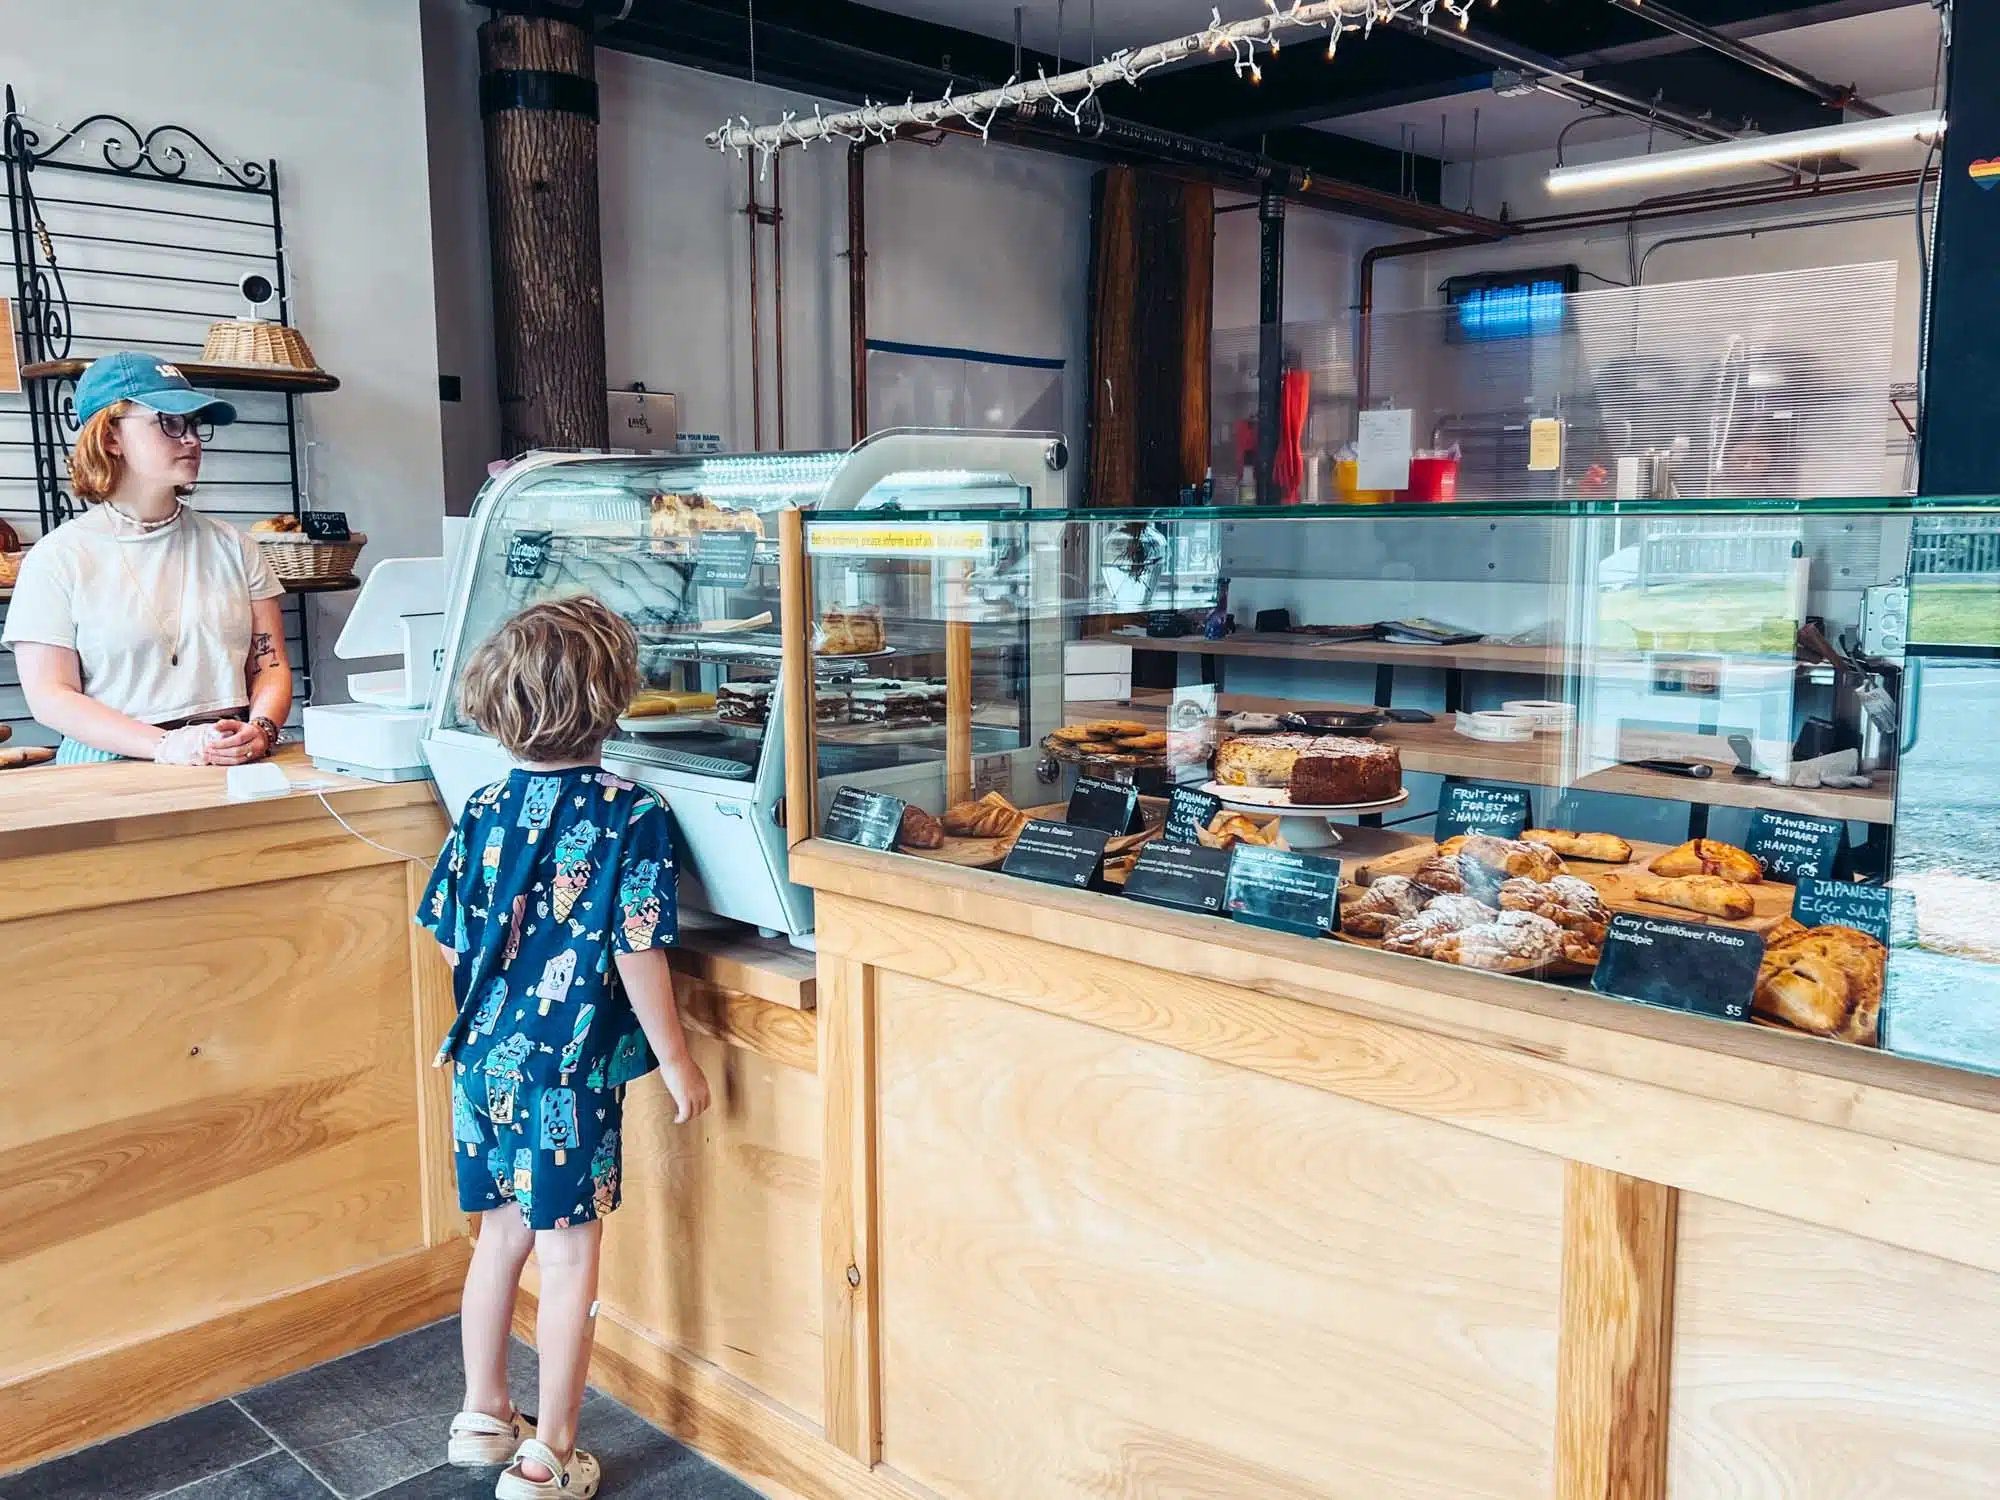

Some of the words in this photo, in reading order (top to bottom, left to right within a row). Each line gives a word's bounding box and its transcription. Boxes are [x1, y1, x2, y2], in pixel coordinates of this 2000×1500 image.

[1460, 800, 1508, 813] FOREST
[1761, 814, 1837, 834] STRAWBERRY
[1774, 827, 1819, 844] RHUBARB
[1763, 840, 1813, 856] HANDPIE
[1772, 855, 1794, 873] $5
[1074, 873, 1086, 883] $6
[1813, 880, 1887, 901] JAPANESE
[1203, 896, 1217, 906] $3
[1799, 896, 1841, 914] EGG
[1846, 903, 1889, 923] SALA
[1315, 915, 1329, 927] $6
[1609, 929, 1654, 946] Handpie
[1613, 915, 1642, 931] Curry
[1644, 921, 1705, 940] Cauliflower
[1706, 931, 1745, 947] Potato
[1725, 1004, 1742, 1017] $5
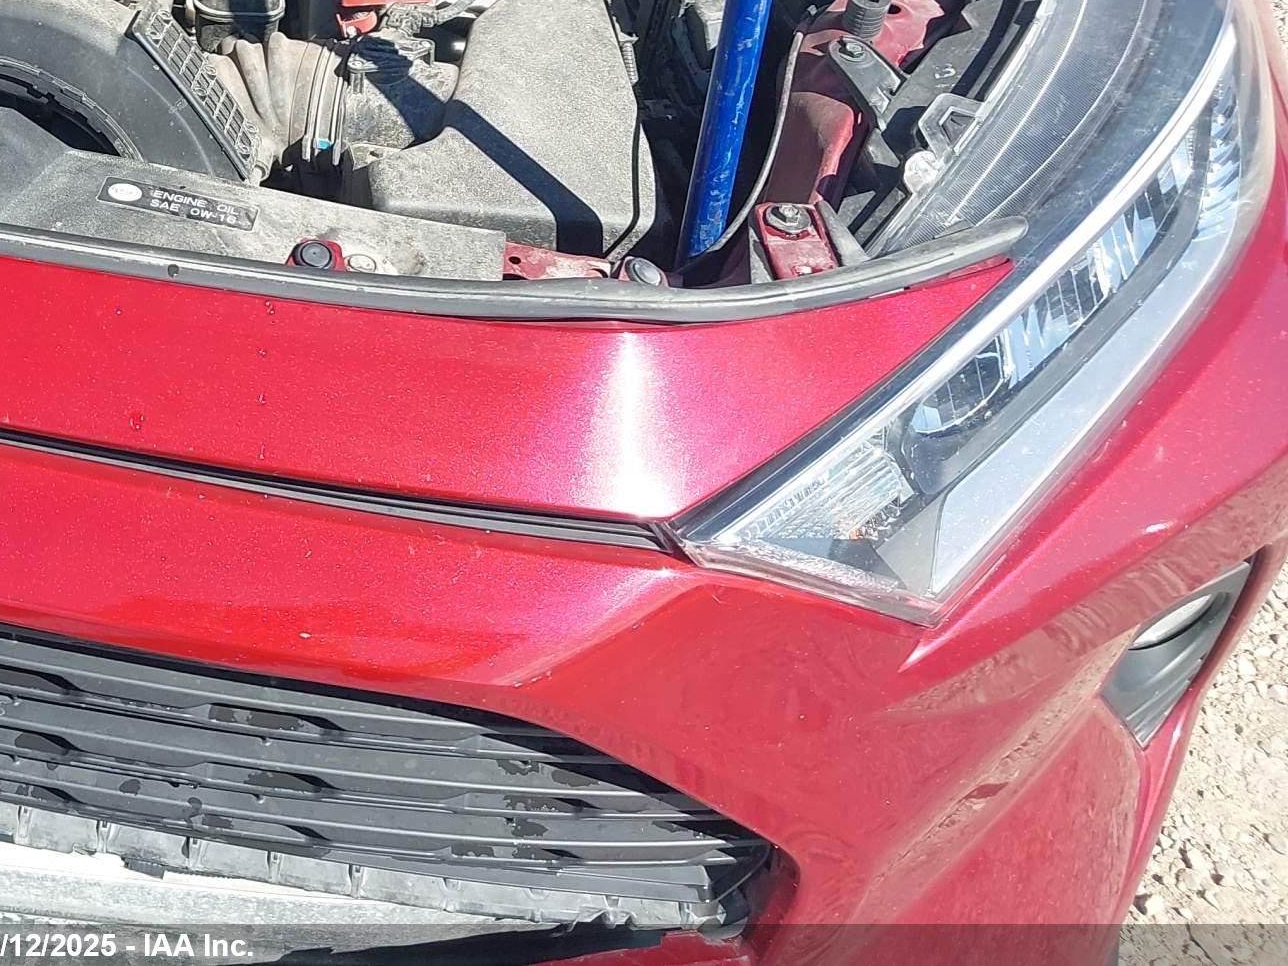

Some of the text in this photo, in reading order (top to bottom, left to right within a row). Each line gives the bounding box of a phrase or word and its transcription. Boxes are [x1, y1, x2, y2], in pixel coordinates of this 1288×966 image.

[150, 199, 237, 224] SAE 0W-16
[152, 190, 209, 208] ENGINE
[216, 204, 239, 215] OIL
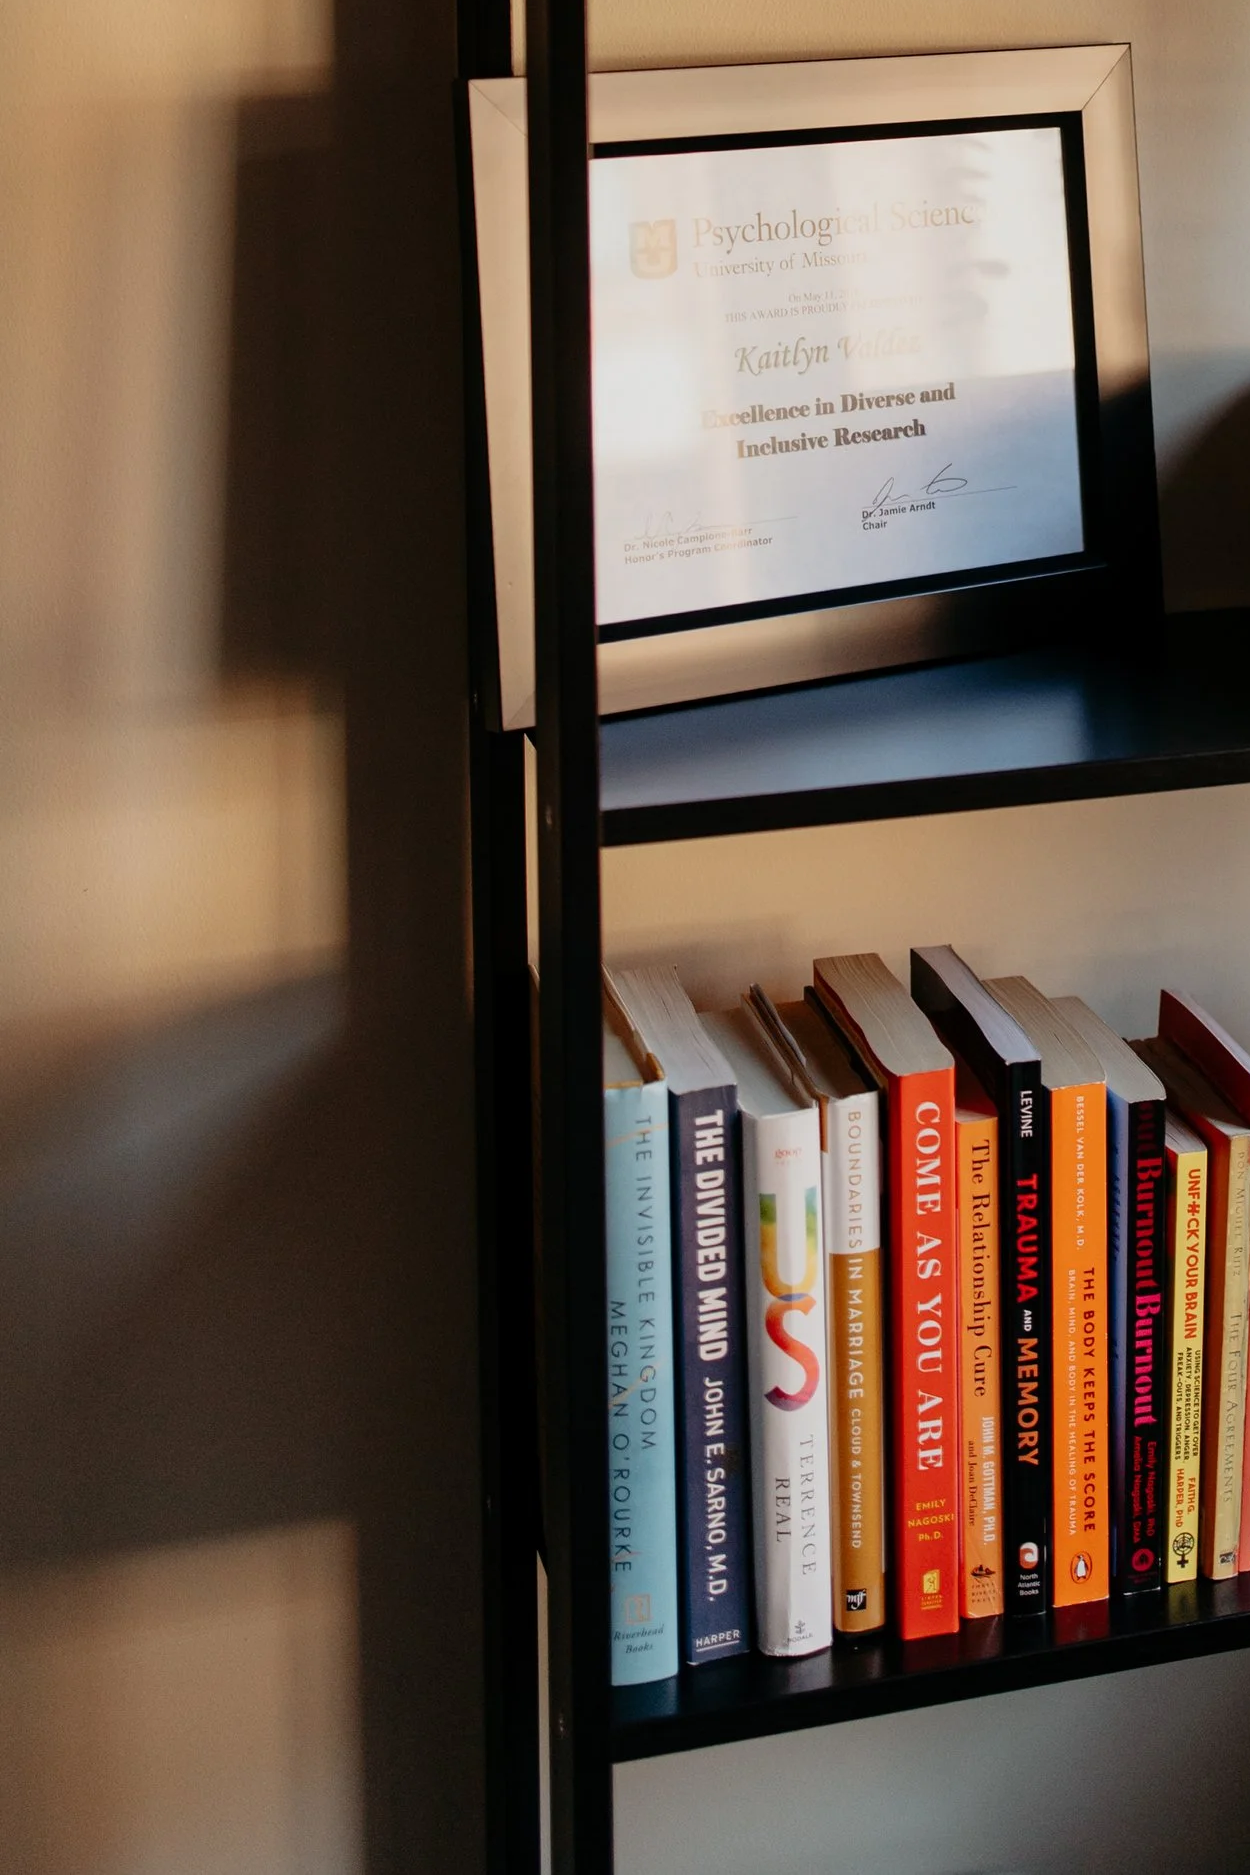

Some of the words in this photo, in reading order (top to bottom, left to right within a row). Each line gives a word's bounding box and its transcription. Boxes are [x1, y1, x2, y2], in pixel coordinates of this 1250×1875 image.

[694, 259, 775, 277] University
[780, 255, 797, 271] of
[735, 336, 829, 376] Kaitlyn
[700, 401, 811, 429] Excellence
[814, 397, 836, 416] in
[840, 389, 916, 413] Diverse
[919, 381, 957, 403] and
[736, 431, 829, 460] Inclusive
[833, 419, 926, 447] Research
[861, 509, 877, 520] Dr.
[878, 504, 907, 518] Jamie
[909, 500, 937, 513] Arndt
[862, 519, 889, 531] Chair
[635, 1115, 653, 1161] THE
[694, 1109, 724, 1166] THE
[1020, 1090, 1034, 1138] LEVINE
[847, 1111, 863, 1249] BOUNDARIES
[915, 1101, 942, 1215] COME
[970, 1139, 990, 1184] The
[636, 1176, 655, 1304] INVISIBLE
[696, 1169, 727, 1282] DIVIDED
[1016, 1173, 1039, 1304] TRAUMA
[1135, 1157, 1162, 1292] Burnout
[848, 1257, 863, 1279] IN
[916, 1231, 943, 1280] AS
[967, 1192, 993, 1337] Relationship
[1185, 1243, 1199, 1288] YOUR
[1083, 1267, 1095, 1301] THE
[697, 1287, 729, 1362] MIND
[916, 1292, 943, 1374] YOU
[1023, 1309, 1033, 1332] AND
[1083, 1310, 1096, 1358] BODY
[1184, 1291, 1199, 1340] BRAIN
[609, 1300, 628, 1417] MEGHAN
[848, 1288, 864, 1400] MARRIAGE
[1134, 1292, 1161, 1428] Burnout
[638, 1317, 658, 1450] KINGDOM
[972, 1344, 993, 1398] Cure
[1083, 1367, 1096, 1422] KEEPS
[703, 1376, 725, 1437] JOHN
[1017, 1337, 1039, 1466] MEMORY
[705, 1442, 726, 1464] E.
[851, 1408, 863, 1455] CLOUD
[916, 1389, 944, 1471] ARE
[1084, 1429, 1096, 1465] THE
[851, 1459, 862, 1469] &
[611, 1432, 632, 1573] O'ROURKE
[706, 1466, 728, 1550] SARNO,
[775, 1476, 792, 1543] REAL
[799, 1434, 817, 1575] TERRENCE
[851, 1473, 863, 1549] TOWNSEND
[907, 1513, 956, 1529] NAGOSKI
[915, 1498, 947, 1512] EMILY
[1083, 1472, 1096, 1533] SCORE
[918, 1530, 944, 1543] Ph.D.
[707, 1553, 728, 1602] M.D.
[695, 1629, 740, 1648] HARPER

* * * *

** Required work **
Restate the material above word for word; pictures do not belong in the copy.

** Output **
Some of the words in this photo, in reading order (top to bottom, left to right within a row). Each line gives a word's bounding box and its transcription. Boxes are [x1, y1, x2, y2], in pixel coordinates of this 2000×1500 image.

[1460, 800, 1508, 813] FOREST
[1761, 814, 1837, 834] STRAWBERRY
[1774, 827, 1819, 844] RHUBARB
[1763, 840, 1813, 856] HANDPIE
[1772, 855, 1794, 873] $5
[1074, 873, 1086, 883] $6
[1813, 880, 1887, 901] JAPANESE
[1203, 896, 1217, 906] $3
[1799, 896, 1841, 914] EGG
[1846, 903, 1889, 923] SALA
[1315, 915, 1329, 927] $6
[1609, 929, 1654, 946] Handpie
[1613, 915, 1642, 931] Curry
[1644, 921, 1705, 940] Cauliflower
[1706, 931, 1745, 947] Potato
[1725, 1004, 1742, 1017] $5

Some of the text in this photo, in reading order (top to bottom, left to right within a row). Each line gives the bounding box of a phrase or word and its transcription. Boxes are [x1, y1, x2, y2], in pixel coordinates of this 1288×966 image.

[150, 199, 237, 224] SAE 0W-16
[152, 190, 209, 208] ENGINE
[216, 204, 239, 215] OIL

Some of the words in this photo, in reading order (top to bottom, left to right within a row). Each line gives a word's bounding box and its transcription. Boxes are [x1, y1, x2, y2], in pixel coordinates of this 1250×1875 image.

[694, 259, 775, 277] University
[780, 255, 797, 271] of
[735, 336, 829, 376] Kaitlyn
[700, 401, 811, 429] Excellence
[814, 397, 836, 416] in
[840, 389, 916, 413] Diverse
[919, 381, 957, 403] and
[736, 431, 829, 460] Inclusive
[833, 419, 926, 447] Research
[861, 509, 877, 520] Dr.
[878, 504, 907, 518] Jamie
[909, 500, 937, 513] Arndt
[862, 519, 889, 531] Chair
[635, 1115, 653, 1161] THE
[694, 1109, 724, 1166] THE
[1020, 1090, 1034, 1138] LEVINE
[847, 1111, 863, 1249] BOUNDARIES
[915, 1101, 942, 1215] COME
[970, 1139, 990, 1184] The
[636, 1176, 655, 1304] INVISIBLE
[696, 1169, 727, 1282] DIVIDED
[1016, 1173, 1039, 1304] TRAUMA
[1135, 1157, 1162, 1292] Burnout
[848, 1257, 863, 1279] IN
[916, 1231, 943, 1280] AS
[967, 1192, 993, 1337] Relationship
[1185, 1243, 1199, 1288] YOUR
[1083, 1267, 1095, 1301] THE
[697, 1287, 729, 1362] MIND
[916, 1292, 943, 1374] YOU
[1023, 1309, 1033, 1332] AND
[1083, 1310, 1096, 1358] BODY
[1184, 1291, 1199, 1340] BRAIN
[609, 1300, 628, 1417] MEGHAN
[848, 1288, 864, 1400] MARRIAGE
[1134, 1292, 1161, 1428] Burnout
[638, 1317, 658, 1450] KINGDOM
[972, 1344, 993, 1398] Cure
[1083, 1367, 1096, 1422] KEEPS
[703, 1376, 725, 1437] JOHN
[1017, 1337, 1039, 1466] MEMORY
[705, 1442, 726, 1464] E.
[851, 1408, 863, 1455] CLOUD
[916, 1389, 944, 1471] ARE
[1084, 1429, 1096, 1465] THE
[851, 1459, 862, 1469] &
[611, 1432, 632, 1573] O'ROURKE
[706, 1466, 728, 1550] SARNO,
[775, 1476, 792, 1543] REAL
[799, 1434, 817, 1575] TERRENCE
[851, 1473, 863, 1549] TOWNSEND
[907, 1513, 956, 1529] NAGOSKI
[915, 1498, 947, 1512] EMILY
[1083, 1472, 1096, 1533] SCORE
[918, 1530, 944, 1543] Ph.D.
[707, 1553, 728, 1602] M.D.
[695, 1629, 740, 1648] HARPER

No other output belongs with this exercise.